§ **What the task requires**: Every record below should be printed exactly, except for the pictures.
*** Material for this task Section Begins ***
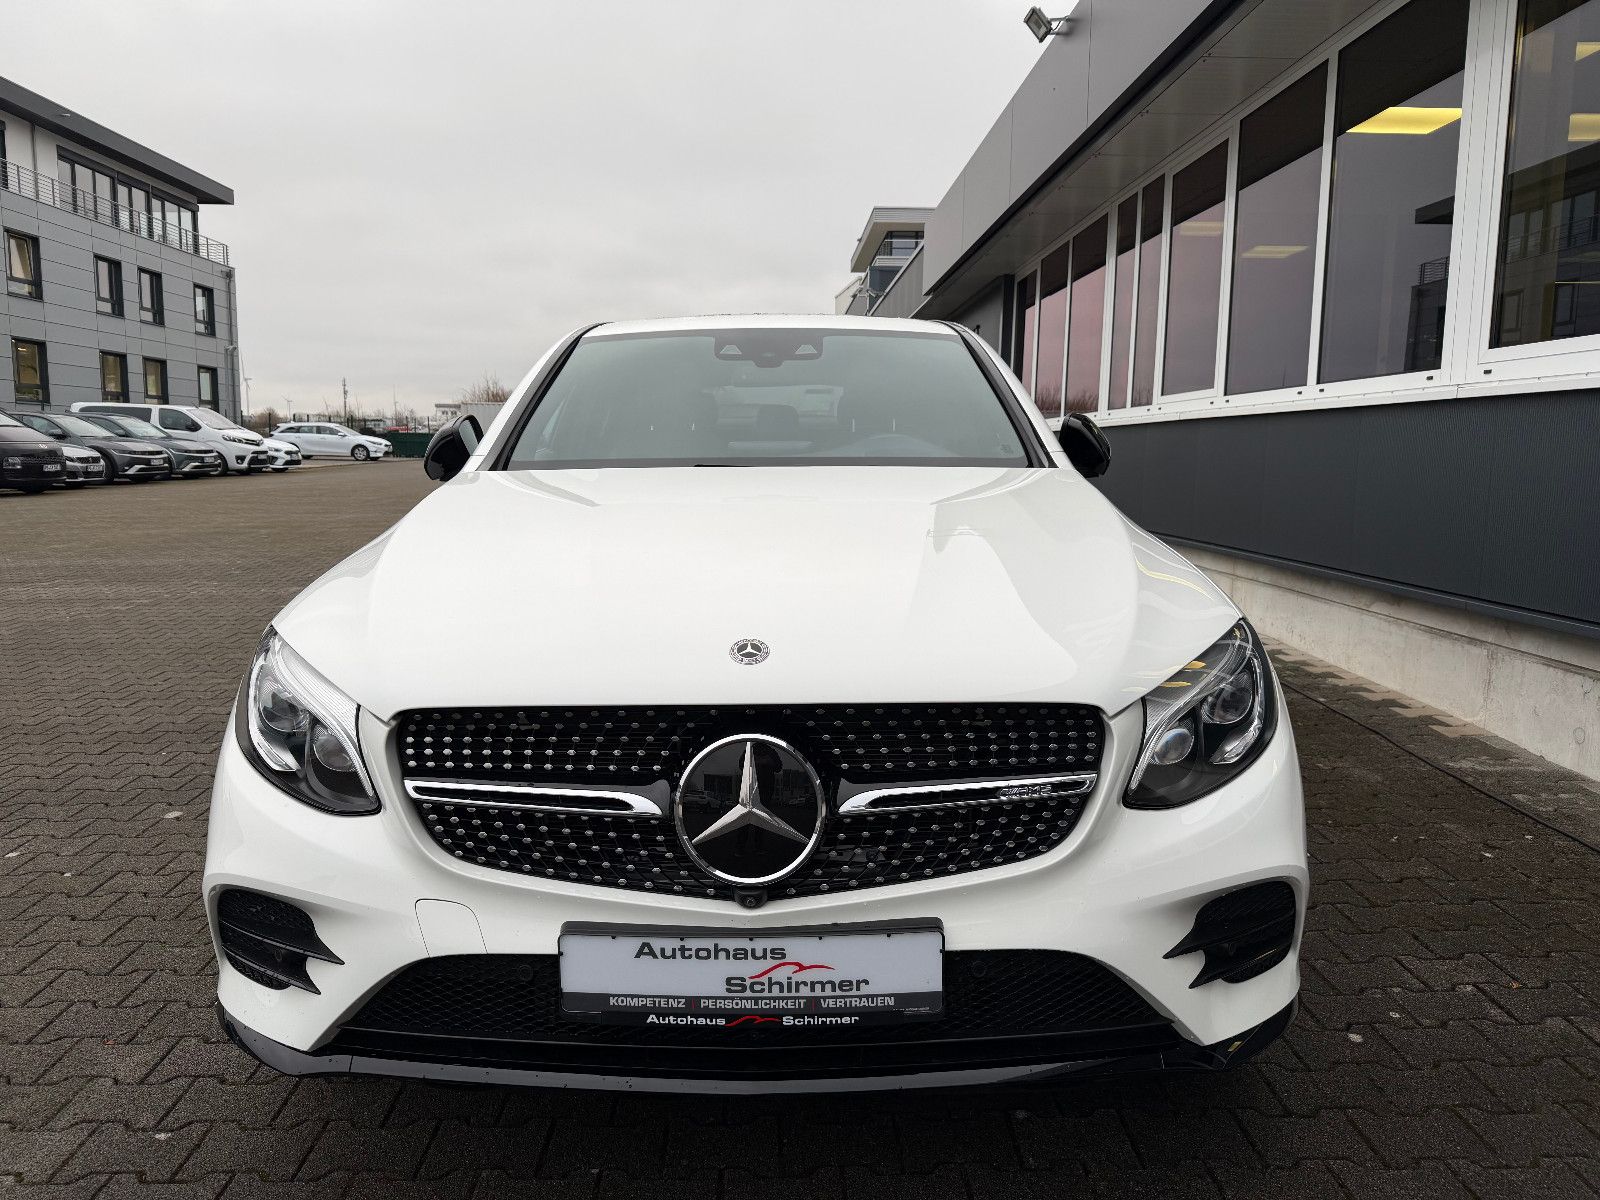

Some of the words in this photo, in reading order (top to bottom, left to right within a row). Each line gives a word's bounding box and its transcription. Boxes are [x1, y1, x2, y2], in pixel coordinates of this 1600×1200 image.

[634, 941, 787, 961] Autohaus
[725, 976, 870, 994] Schirmer
[609, 996, 686, 1008] KOMPETENZ
[700, 997, 807, 1009] PERSÖNLICHKEIT
[820, 996, 895, 1008] VERTRAUEN
[646, 1014, 726, 1026] Autohaus
[782, 1016, 860, 1026] Schirmer
*** Material for this task Section Ends ***
§ **Written answer**:
Some of the words in this photo, in reading order (top to bottom, left to right within a row). Each line gives a word's bounding box and its transcription. Boxes are [x1, y1, x2, y2], in pixel coordinates of this 1600×1200 image.

[634, 941, 787, 961] Autohaus
[725, 976, 870, 994] Schirmer
[609, 996, 686, 1008] KOMPETENZ
[700, 997, 807, 1009] PERSÖNLICHKEIT
[820, 996, 895, 1008] VERTRAUEN
[646, 1014, 726, 1026] Autohaus
[782, 1016, 860, 1026] Schirmer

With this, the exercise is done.